戦士の休息

 もう随分と長い間、どんな時もどんな場所でも眠れるように身体が作り変えられていた。生まれついての素質もあるのかも知れないけれど…人に言わせれば自分は相当図太い神経をしているらしい…仕事によるものが大きいのだろうと彼は思っている。
 犯人を尾行した挙句にそのまま張り込みというパターンは珍しくないし、そのまま引き篭もられたら何日も何週間もその場に居続けなければならない。いついかなる時も、いざという時の体力を保ち続けるためにも、ある程度の睡眠は必要不可欠なのだ。
 浅い眠りでも、寝ないよりかはマシ。
 眠れる時には少しでも仮眠をとること。
 伊達はそれを実践すべく、やや寝心地の悪い寝床で身体を休めていた。いつものくたびれたコートを脱いでよれたワイシャツのままで。皺になろうがお構いなしだ。そんなことを気にする彼ではない。
 やや饐えた臭いのする枕に頭を埋めて、小一時間は経っただろうか…という頃だった。
 伊達は背後にある種の違和感を覚え、その貴重な眠りを手放さなければならなくなった。それは突然の出来事で。
 「………んっ……」
 グッと、背中に感じる硬い感触。硬質なのだけれど、でも人工的なそれではなく、何処か温もりを感じさせるような…。これは一体何なのだろう。夢と現実の狭間でぼんやりと考えるも、明確な答えは出ない。
 伊達は無意識に背後に手を伸ばした。自分の太腿のすぐ後ろに、同じような硬さの感触がある。そのままスッと手を動かすと、布地の感触と共に、緩やかな丘を思わせるような曲線。そこはやはり硬質な手触りで。
 「……う?」
 次第に意識がハッキリとしてきた。
 そこにはあるはずの無いものが、自分と同じように横たわっている。
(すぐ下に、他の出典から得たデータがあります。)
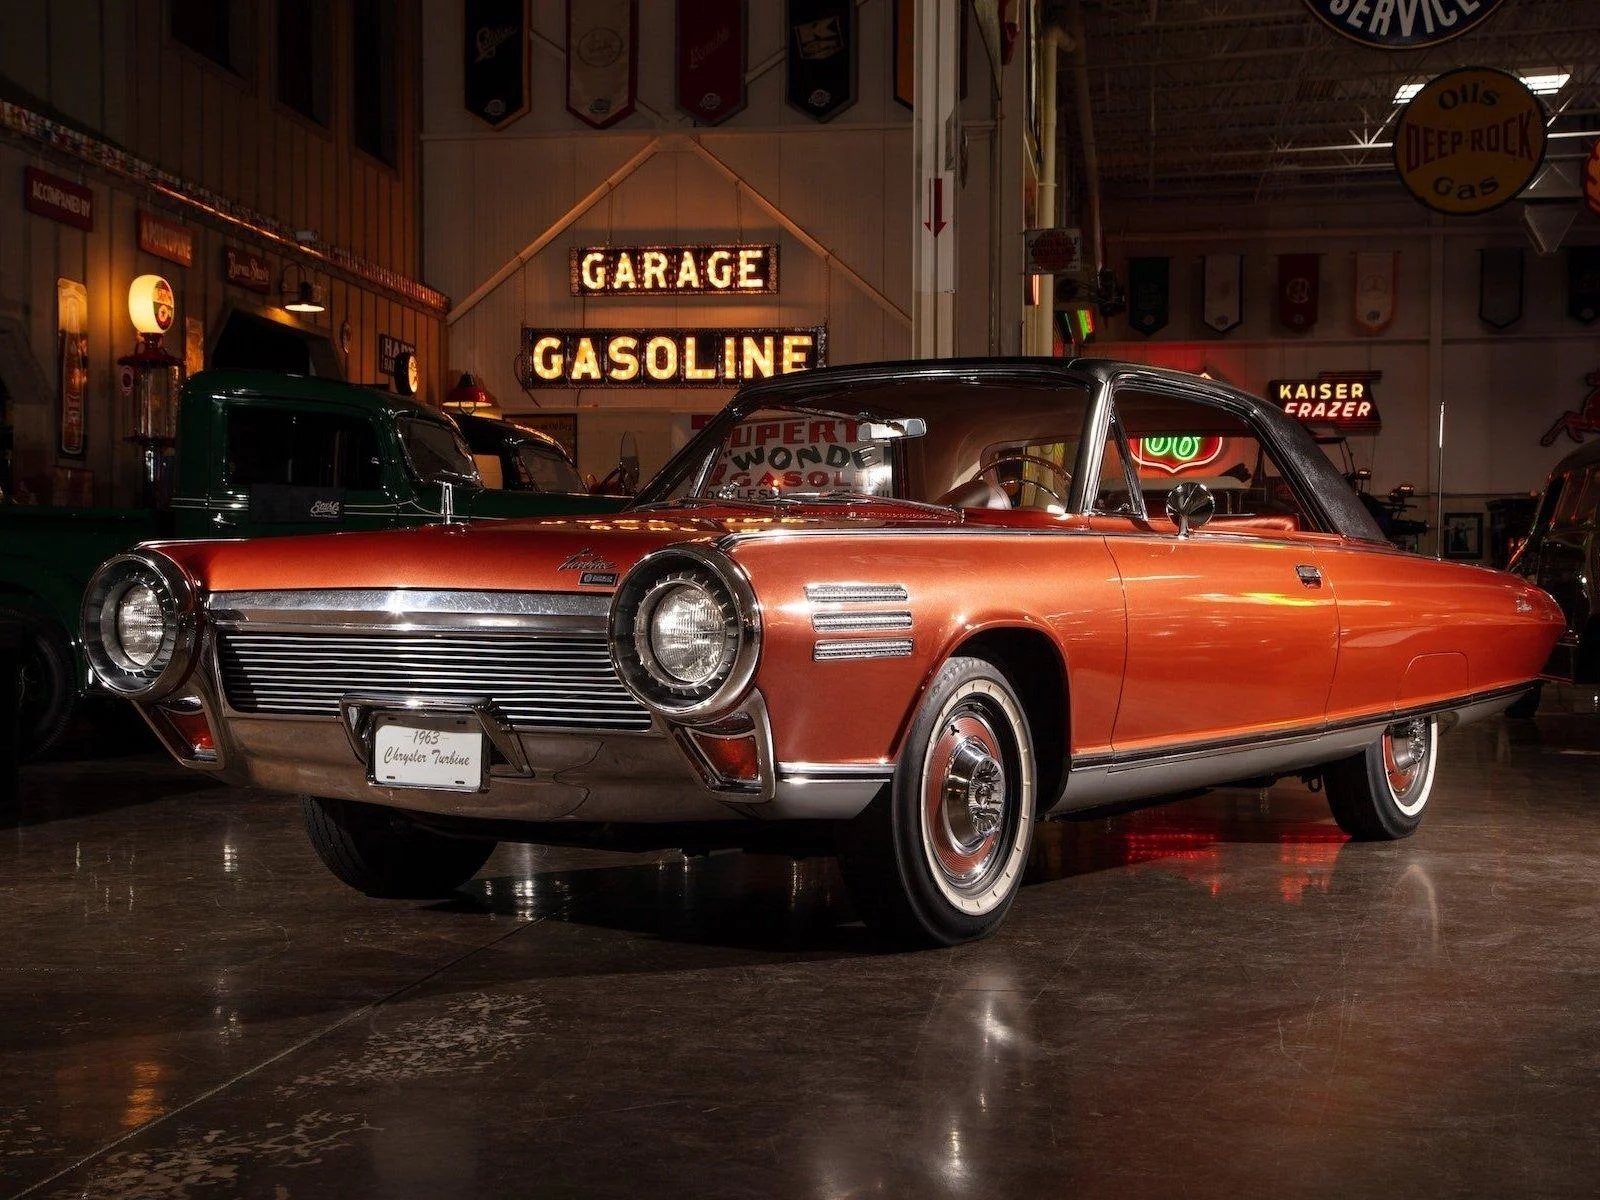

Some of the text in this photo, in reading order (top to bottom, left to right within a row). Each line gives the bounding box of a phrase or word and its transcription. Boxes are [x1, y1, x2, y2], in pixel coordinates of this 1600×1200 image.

[1406, 107, 1535, 173] DEEP ROCK
[1432, 175, 1499, 201] Gas
[581, 250, 763, 290] GARAGE
[532, 335, 813, 380] GASOLINE
[1280, 383, 1364, 400] KAISER
[1284, 401, 1371, 417] FRAZER
[412, 730, 440, 745] 1963
[383, 746, 470, 766] Chrysler Turbine
それに気付いて、彼は漸く本格的に覚醒した。
 「…って、オイッ!テメェ、何してやがる!」
 「あぁ…起きたか?」
 ガバッと起き上がり、そのまま振り返る。とそこには、先ほどまでは居なかった男がふてぶてしい笑みを浮かべて彼を見上げていた。
 白いスーツに身を包んだ男は、普段はくっきりと浮かんでいる眉間の皺を幾分和らげ何処か楽しそうだ。桐生はニヤリと笑った。
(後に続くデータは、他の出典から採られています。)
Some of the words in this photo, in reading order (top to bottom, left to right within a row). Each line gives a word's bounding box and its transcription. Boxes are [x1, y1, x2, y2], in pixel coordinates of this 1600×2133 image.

 強面のヤクザもこんな表情をすると、一瞬だけれど普通の男に見える。一瞬だけれど、こいつがヤクザだということを忘れそうになる…そう思うのは、きっとこの男が根っからの極悪非道なヤクザではないからだ…多分。伊達はそう思っている。
 「オマエが起こしたんだろうが!」
 お世辞にも居心地がいいとは言い難いこの隠れ家だが、結構気持ちよく眠れていたのに…こいつの所為で台無しだ。怒りたくもなる。  伊達は拳を握り締め、容赦なく相手の腹に一発ぶち込んだ。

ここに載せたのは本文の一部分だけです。